_Exercise prompt:_ A verbatim copy of the line containing "this 1200×1600 image." and all lines after it, up to and including the final line of the records, is the only acceptable output.

_Collected data:_
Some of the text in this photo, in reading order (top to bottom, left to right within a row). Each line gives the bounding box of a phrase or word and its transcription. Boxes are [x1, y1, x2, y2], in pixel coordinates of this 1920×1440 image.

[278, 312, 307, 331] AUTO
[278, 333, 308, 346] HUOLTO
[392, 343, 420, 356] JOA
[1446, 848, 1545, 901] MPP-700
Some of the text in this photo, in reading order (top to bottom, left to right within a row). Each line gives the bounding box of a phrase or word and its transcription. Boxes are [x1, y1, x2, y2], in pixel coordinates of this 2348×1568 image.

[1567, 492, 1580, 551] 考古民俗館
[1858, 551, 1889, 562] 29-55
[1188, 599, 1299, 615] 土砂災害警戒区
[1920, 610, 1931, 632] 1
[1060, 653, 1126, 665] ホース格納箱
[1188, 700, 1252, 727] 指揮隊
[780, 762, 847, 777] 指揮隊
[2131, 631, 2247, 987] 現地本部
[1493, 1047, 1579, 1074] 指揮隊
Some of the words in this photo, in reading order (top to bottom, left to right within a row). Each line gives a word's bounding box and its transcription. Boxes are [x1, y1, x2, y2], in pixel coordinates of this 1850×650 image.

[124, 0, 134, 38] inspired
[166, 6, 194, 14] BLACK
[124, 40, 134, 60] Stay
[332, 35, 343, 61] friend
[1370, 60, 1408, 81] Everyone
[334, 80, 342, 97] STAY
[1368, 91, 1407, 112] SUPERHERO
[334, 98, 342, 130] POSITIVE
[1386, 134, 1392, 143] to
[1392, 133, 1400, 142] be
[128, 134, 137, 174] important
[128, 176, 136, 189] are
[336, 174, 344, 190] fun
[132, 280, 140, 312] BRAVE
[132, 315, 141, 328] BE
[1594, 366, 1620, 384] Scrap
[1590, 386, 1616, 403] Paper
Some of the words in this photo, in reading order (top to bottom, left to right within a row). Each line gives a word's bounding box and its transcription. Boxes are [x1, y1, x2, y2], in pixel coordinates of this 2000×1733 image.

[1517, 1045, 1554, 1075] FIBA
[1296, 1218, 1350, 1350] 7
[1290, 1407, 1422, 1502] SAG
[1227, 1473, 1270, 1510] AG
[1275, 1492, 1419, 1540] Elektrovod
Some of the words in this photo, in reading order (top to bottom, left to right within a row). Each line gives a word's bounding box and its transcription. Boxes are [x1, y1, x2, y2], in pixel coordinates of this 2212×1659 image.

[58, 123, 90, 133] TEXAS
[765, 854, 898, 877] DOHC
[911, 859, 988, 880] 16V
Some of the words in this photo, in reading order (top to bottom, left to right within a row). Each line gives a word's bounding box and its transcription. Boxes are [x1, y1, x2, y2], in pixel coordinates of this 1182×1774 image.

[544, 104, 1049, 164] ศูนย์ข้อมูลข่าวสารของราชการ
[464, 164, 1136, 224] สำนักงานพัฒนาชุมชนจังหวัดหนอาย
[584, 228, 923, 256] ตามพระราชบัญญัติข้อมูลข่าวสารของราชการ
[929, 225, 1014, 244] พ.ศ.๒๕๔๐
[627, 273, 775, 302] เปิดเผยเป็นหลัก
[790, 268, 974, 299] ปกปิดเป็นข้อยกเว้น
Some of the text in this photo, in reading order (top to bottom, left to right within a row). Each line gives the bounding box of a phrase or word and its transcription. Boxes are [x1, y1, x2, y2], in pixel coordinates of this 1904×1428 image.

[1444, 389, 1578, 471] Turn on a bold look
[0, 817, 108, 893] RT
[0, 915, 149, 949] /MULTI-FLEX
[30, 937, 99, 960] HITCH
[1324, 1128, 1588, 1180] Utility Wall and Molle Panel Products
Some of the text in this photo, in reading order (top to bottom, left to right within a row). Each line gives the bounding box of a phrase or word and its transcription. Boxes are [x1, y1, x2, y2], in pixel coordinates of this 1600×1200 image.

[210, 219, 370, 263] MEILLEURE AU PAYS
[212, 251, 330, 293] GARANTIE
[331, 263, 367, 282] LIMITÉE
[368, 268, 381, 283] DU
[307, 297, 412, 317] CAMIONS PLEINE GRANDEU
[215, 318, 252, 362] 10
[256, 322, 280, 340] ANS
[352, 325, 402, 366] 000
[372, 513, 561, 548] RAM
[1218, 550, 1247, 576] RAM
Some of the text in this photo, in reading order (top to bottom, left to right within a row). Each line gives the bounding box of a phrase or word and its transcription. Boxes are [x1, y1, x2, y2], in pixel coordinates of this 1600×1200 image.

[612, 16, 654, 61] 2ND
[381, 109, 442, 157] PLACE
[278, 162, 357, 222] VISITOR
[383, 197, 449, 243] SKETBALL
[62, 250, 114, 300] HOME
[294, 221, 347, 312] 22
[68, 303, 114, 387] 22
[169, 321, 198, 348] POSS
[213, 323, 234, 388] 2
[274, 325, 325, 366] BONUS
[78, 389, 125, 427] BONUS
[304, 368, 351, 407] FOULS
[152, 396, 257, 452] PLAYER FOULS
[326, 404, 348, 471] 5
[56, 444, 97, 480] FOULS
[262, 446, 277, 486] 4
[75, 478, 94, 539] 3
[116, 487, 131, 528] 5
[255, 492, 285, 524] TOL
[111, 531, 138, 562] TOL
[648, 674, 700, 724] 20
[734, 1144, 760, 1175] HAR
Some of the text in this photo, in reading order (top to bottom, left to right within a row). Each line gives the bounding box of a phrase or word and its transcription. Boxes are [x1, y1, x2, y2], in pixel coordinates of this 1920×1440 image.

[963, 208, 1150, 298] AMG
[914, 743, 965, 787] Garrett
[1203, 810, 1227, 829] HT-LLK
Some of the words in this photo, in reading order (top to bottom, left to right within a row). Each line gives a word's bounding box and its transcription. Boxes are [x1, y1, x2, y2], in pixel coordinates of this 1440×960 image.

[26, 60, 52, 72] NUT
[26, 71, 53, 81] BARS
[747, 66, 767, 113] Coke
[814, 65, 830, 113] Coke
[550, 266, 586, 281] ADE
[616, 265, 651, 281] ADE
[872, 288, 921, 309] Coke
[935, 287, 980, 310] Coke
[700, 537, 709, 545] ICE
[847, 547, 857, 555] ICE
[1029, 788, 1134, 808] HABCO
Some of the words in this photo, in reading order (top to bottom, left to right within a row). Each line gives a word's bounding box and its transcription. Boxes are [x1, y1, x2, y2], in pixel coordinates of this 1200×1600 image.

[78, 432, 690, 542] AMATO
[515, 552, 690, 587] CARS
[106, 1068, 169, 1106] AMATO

_Result of the exercise:_
Some of the words in this photo, in reading order (top to bottom, left to right within a row). Each line gives a word's bounding box and its transcription. Boxes are [x1, y1, x2, y2], in pixel coordinates of this 1200×1600 image.

[78, 432, 690, 542] AMATO
[515, 552, 690, 587] CARS
[106, 1068, 169, 1106] AMATO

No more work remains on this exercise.